• Prompt: Look through the material below and report every line that includes "words".

• Records supplied:
........
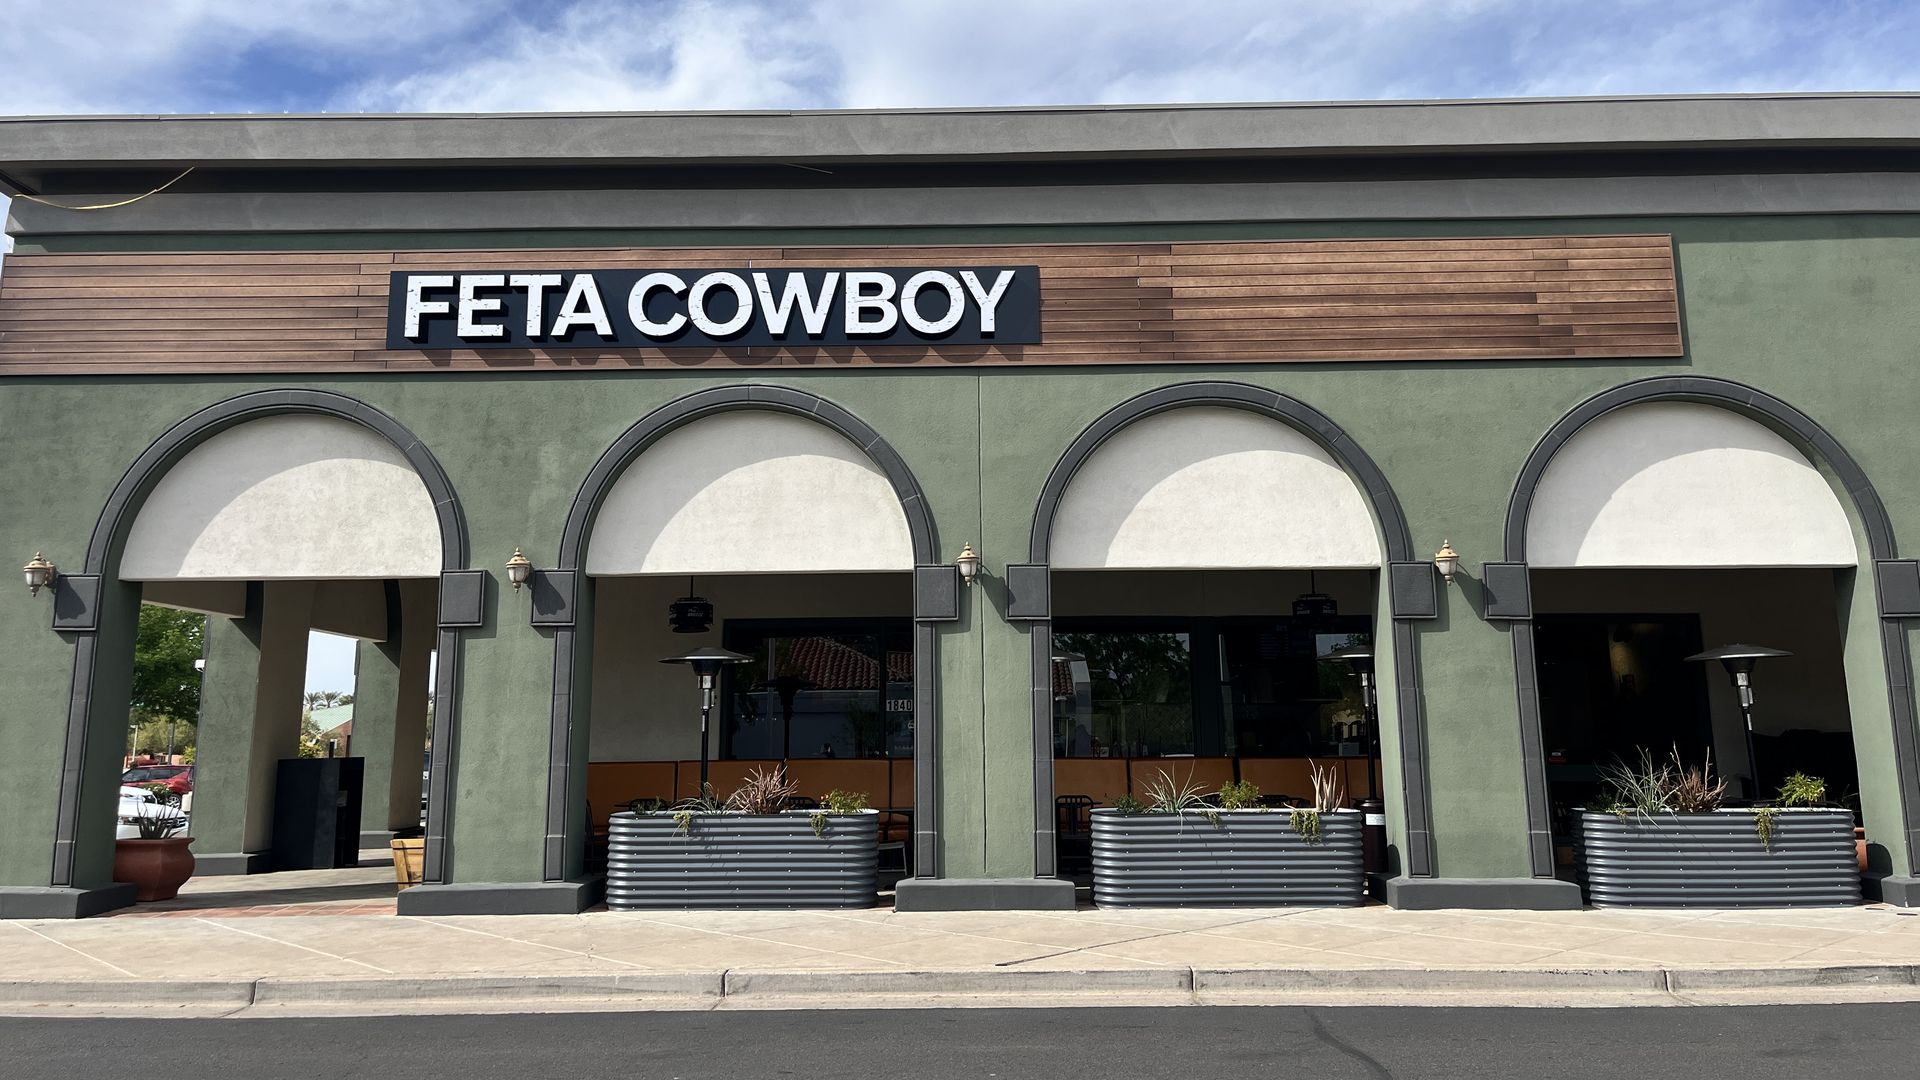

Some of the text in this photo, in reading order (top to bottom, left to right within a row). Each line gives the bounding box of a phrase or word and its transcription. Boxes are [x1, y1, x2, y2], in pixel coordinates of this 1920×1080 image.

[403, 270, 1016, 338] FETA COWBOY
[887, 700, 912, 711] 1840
........
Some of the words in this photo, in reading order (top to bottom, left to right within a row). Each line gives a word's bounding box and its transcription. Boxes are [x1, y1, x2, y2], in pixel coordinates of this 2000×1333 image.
........
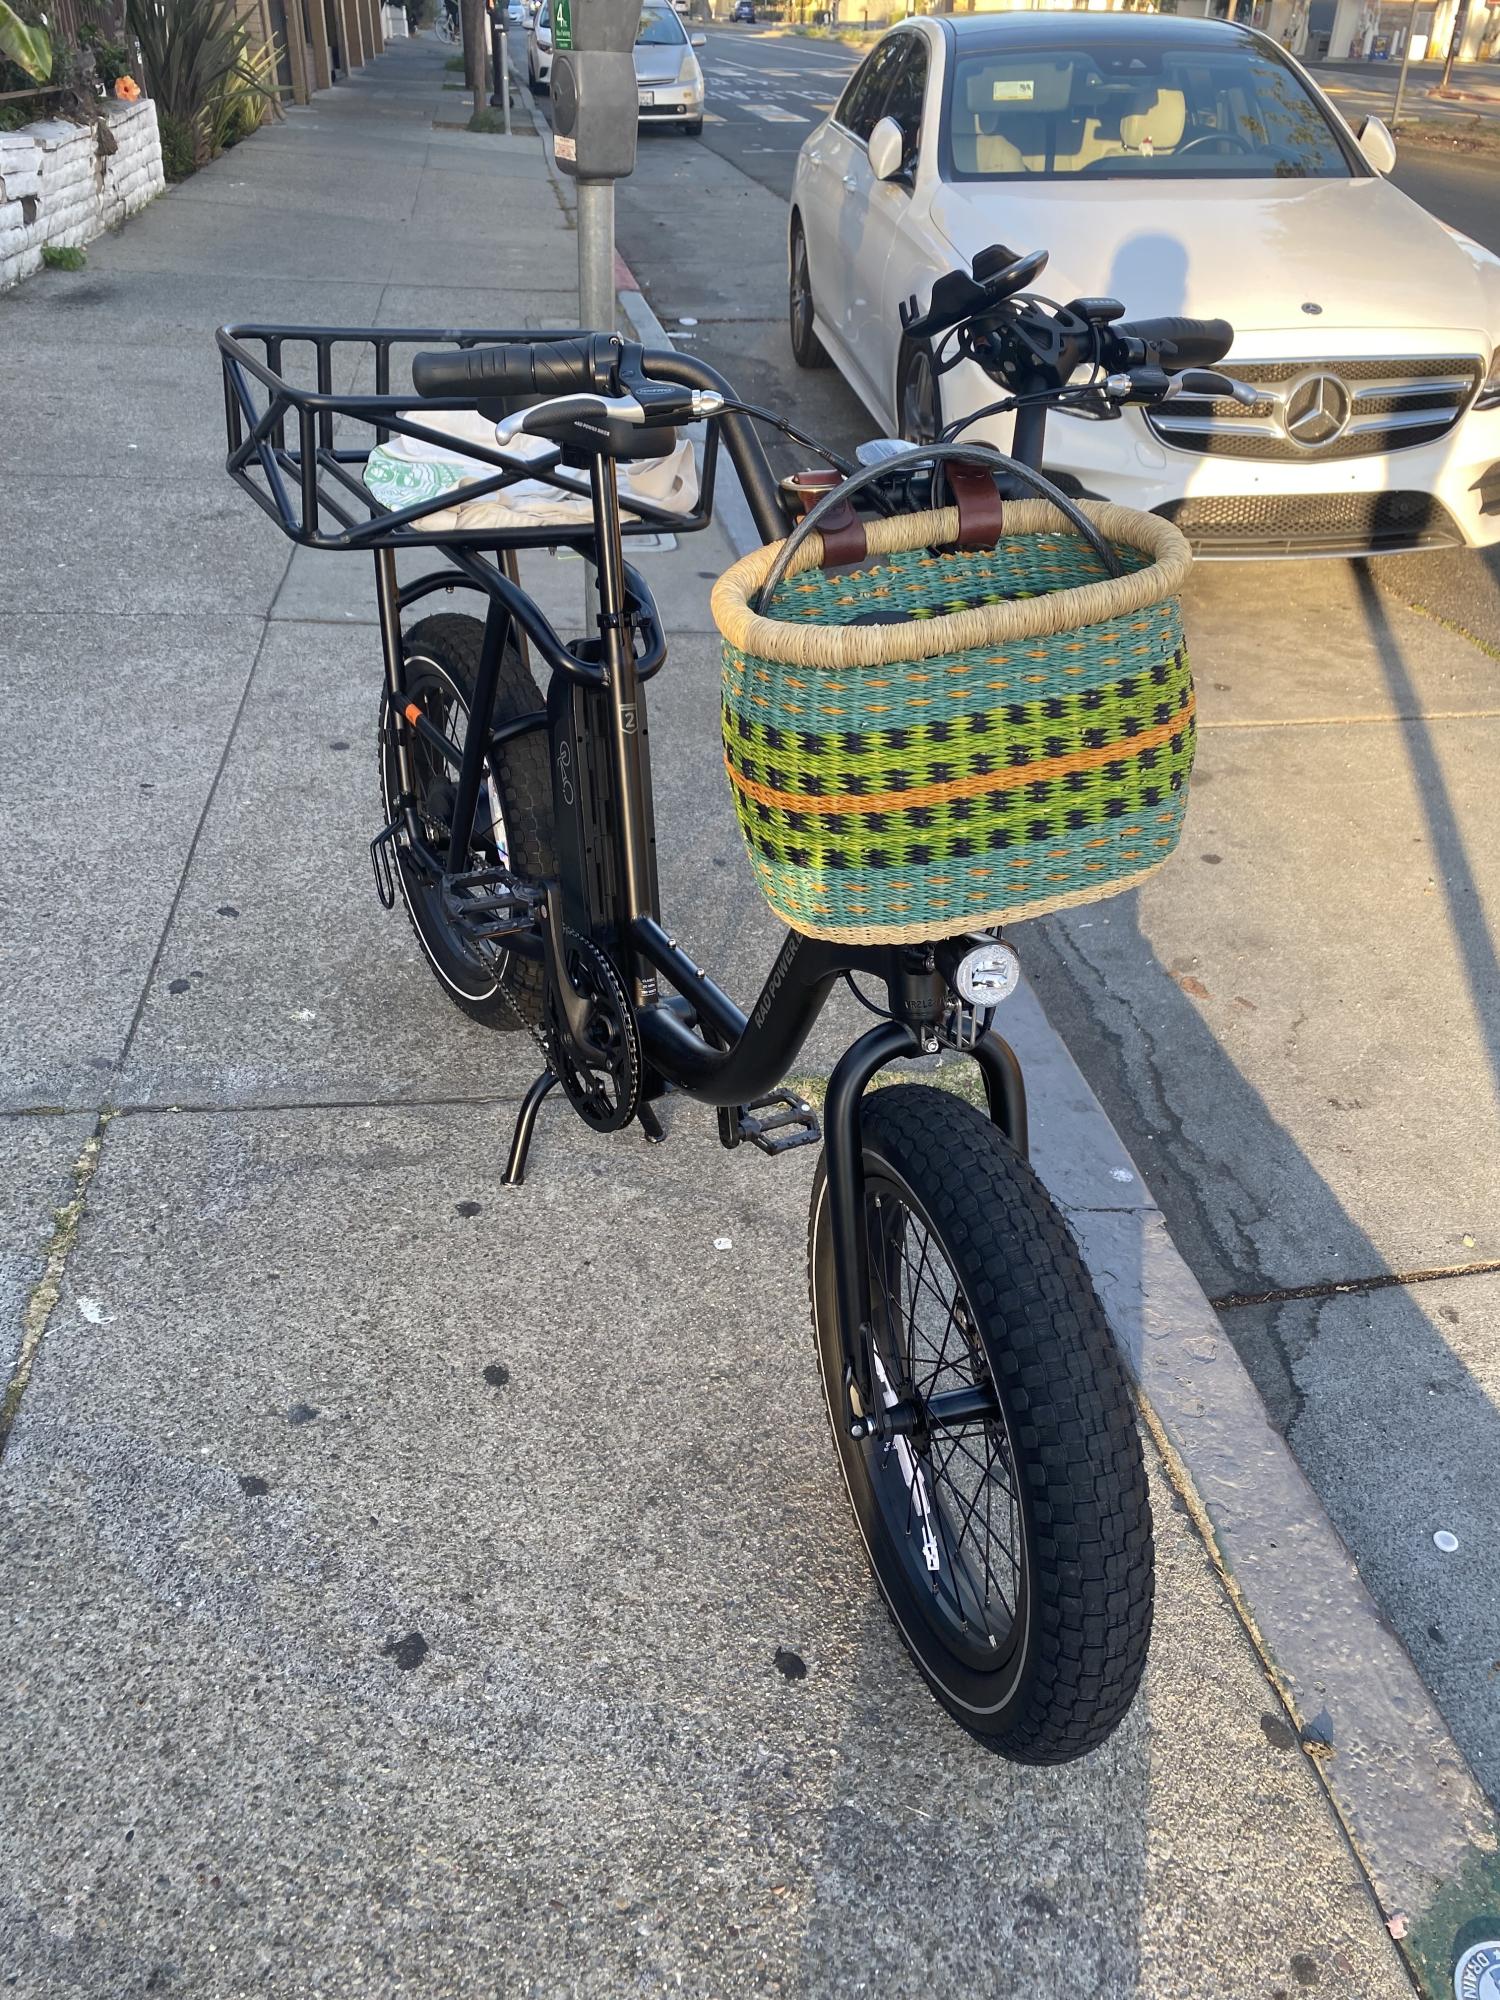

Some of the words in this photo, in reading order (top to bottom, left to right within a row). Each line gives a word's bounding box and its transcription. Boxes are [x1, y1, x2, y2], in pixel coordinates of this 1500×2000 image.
........
• Solution for this exercise:
Some of the words in this photo, in reading order (top to bottom, left to right within a row). Each line gives a word's bounding box and its transcription. Boxes are [x1, y1, x2, y2], in pixel coordinates of this 2000×1333 image.
Some of the words in this photo, in reading order (top to bottom, left to right within a row). Each line gives a word's bounding box and its transcription. Boxes are [x1, y1, x2, y2], in pixel coordinates of this 1500×2000 image.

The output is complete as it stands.